I think the moral of this story will end up being something about stones and glass houses. Apparently, Google CEO Eric Schmidt recently criticized the lack of transparency in the banking industry to the BBC. So what, you ask? Well, he concludes his point by saying “Things that are too big to fail, we want to know everything about them, so we don’t have to deal with this in the future.”
“Things that are too big to fail,” eh? I feel a flashback coming on.
You really want the government and the American public to know everything about businesses that are “too big to fail”? Really?
After the Yahoo deal was dragged out for months and finally killed over the DoJ’s scrutiny, after Google is pretty much one deal away from being sued as a monopoly and broken up, are you really advocating increased governmental involvement and oversight for large businesses? Really?
When the BBC calls you a “captain of industry,” you’re really going to call out other companies for being “too big”? Really, Schmidt?!
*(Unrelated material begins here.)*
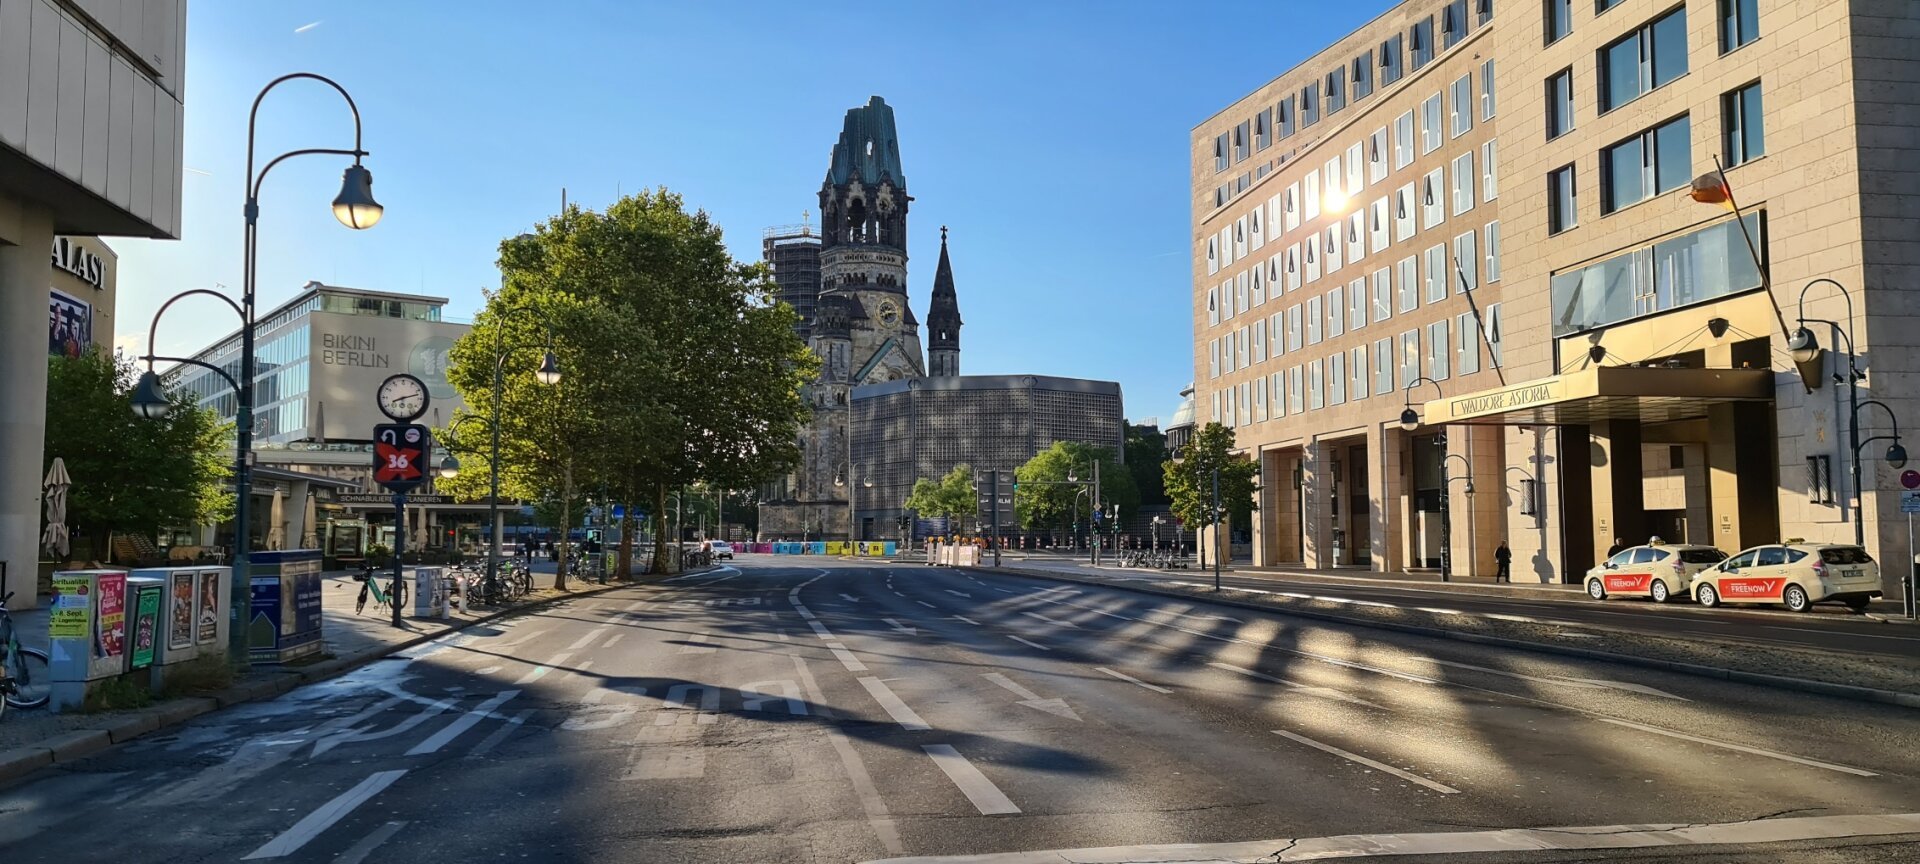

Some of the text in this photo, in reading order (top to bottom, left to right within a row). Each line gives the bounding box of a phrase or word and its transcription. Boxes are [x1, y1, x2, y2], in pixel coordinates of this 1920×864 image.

Valleywag asks the biggest question here: “Is Google too big to fail?” And if so, what exactly is Schmidt proposing the government do? (VW jumps to say that Schmidt proposed breaking up banks, and Google might get the same treatment, but I just don’t see that in the BBC interview, which they have video of on VW.)
What do you think? Is Google too big to fail? Should they start cowering in fear of a summons daily? Or has the recent recession proved that, although Google’s big, they’re not the kind of business we need to fear?